(Brief) Check each line of the data for "ОСНОВЫ", and copy the ones that have it.

Stored data entries:
------------------------------------------------------------

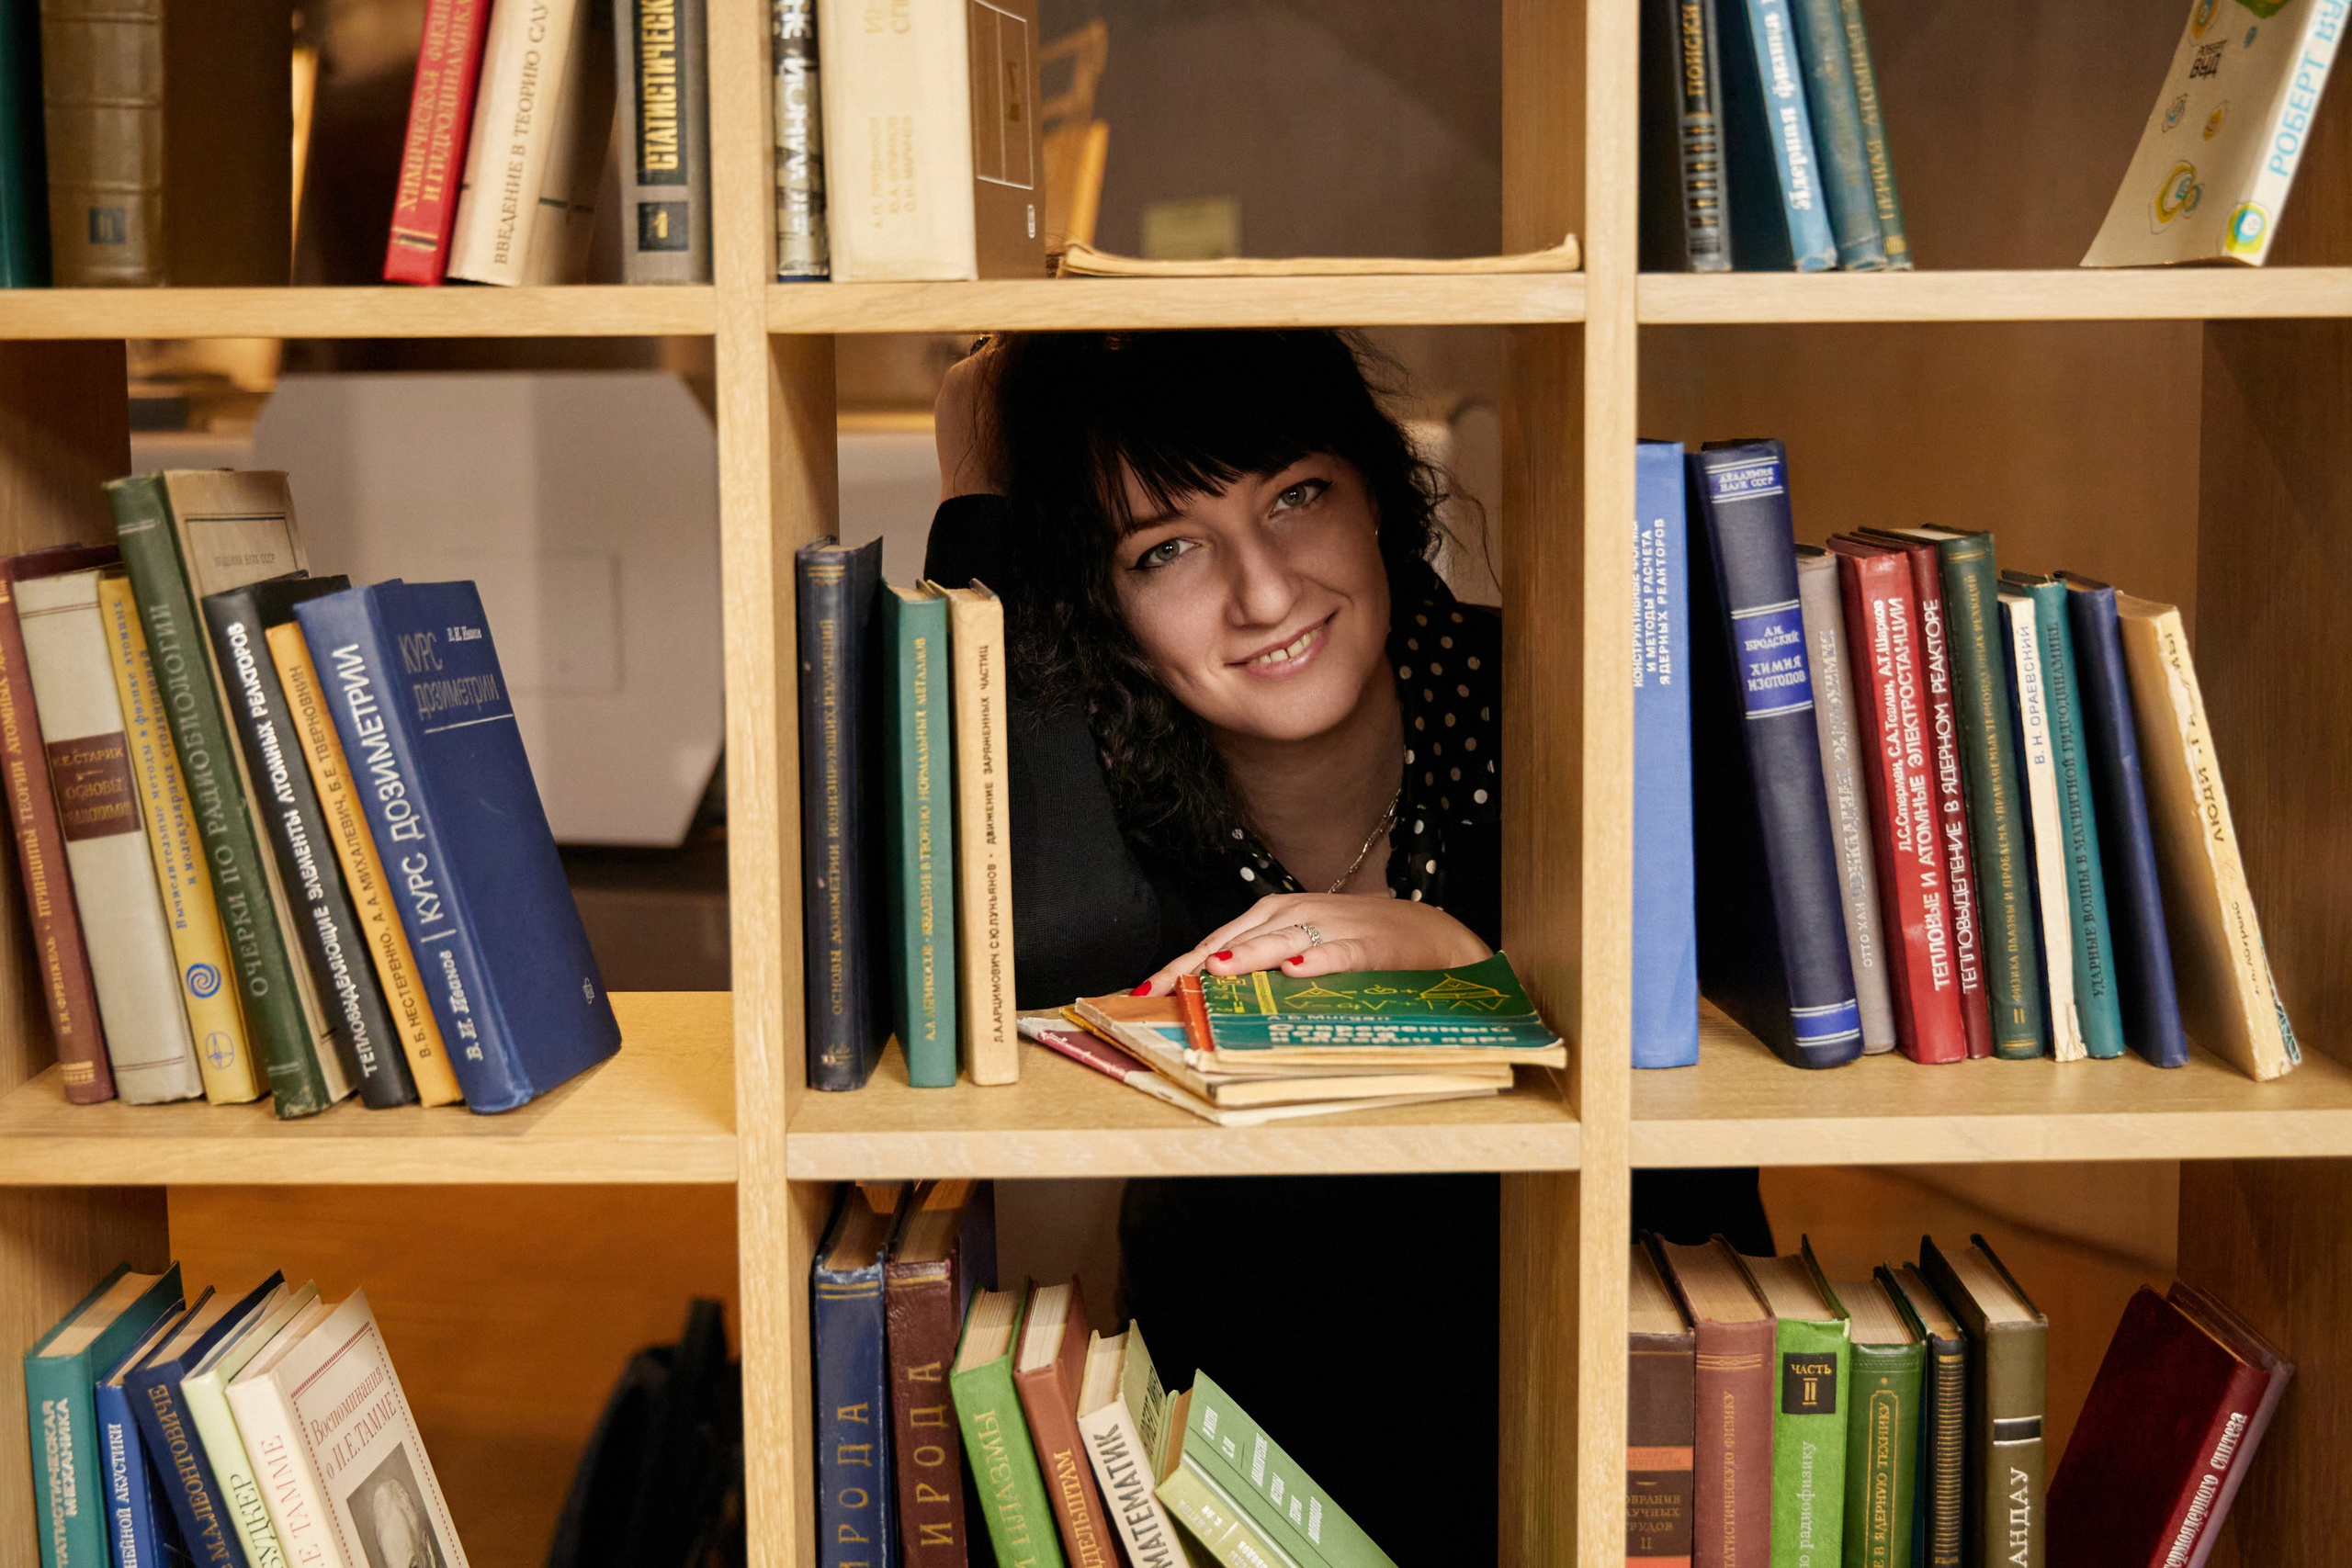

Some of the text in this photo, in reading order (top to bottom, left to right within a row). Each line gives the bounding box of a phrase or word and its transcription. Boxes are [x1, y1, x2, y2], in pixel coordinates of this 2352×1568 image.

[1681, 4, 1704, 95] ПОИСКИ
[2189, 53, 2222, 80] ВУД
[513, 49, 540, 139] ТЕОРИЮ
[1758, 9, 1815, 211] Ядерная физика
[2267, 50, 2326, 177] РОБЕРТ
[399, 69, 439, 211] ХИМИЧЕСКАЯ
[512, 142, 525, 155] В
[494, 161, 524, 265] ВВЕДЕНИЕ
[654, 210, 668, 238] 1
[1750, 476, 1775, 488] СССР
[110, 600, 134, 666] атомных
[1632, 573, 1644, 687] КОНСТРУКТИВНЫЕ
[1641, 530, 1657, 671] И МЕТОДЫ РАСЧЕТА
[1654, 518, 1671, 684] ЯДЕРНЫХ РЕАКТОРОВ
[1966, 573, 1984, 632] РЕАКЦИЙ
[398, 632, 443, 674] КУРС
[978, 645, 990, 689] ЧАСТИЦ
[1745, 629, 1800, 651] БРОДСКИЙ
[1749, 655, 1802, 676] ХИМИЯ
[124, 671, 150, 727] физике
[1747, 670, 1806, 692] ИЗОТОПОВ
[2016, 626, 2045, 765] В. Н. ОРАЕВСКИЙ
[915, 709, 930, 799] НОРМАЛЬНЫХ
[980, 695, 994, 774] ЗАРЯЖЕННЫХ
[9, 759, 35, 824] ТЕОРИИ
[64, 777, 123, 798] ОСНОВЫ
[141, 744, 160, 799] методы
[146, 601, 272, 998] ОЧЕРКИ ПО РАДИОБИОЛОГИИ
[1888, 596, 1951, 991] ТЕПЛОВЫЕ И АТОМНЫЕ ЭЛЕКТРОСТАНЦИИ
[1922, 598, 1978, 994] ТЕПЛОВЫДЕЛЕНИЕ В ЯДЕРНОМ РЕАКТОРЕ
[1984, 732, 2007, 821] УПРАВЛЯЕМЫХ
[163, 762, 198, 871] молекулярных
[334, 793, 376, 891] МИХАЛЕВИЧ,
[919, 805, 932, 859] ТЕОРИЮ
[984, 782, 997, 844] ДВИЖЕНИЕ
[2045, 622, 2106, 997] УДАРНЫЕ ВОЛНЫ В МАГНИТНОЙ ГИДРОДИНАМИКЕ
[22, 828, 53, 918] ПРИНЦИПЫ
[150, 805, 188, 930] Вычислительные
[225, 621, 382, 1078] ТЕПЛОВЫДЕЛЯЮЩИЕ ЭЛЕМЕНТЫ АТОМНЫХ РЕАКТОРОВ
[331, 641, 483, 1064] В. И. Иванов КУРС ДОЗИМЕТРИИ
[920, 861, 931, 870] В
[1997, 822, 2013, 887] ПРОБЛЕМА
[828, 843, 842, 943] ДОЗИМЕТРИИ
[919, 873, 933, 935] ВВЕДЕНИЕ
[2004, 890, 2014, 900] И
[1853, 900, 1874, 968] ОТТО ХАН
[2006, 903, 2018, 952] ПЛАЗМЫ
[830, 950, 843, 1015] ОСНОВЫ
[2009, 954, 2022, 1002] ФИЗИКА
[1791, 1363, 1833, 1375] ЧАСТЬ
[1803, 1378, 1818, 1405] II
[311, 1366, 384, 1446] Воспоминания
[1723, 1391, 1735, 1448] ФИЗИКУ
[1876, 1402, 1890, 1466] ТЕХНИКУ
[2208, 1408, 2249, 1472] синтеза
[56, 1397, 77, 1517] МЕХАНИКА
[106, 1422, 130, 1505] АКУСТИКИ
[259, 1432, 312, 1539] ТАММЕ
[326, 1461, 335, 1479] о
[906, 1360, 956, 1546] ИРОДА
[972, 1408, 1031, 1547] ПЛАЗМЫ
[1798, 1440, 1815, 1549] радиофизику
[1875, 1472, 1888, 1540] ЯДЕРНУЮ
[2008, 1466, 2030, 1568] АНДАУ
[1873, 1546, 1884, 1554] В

------------------------------------------------------------

(Answer for this exercise)
[64, 777, 123, 798] ОСНОВЫ
[830, 950, 843, 1015] ОСНОВЫ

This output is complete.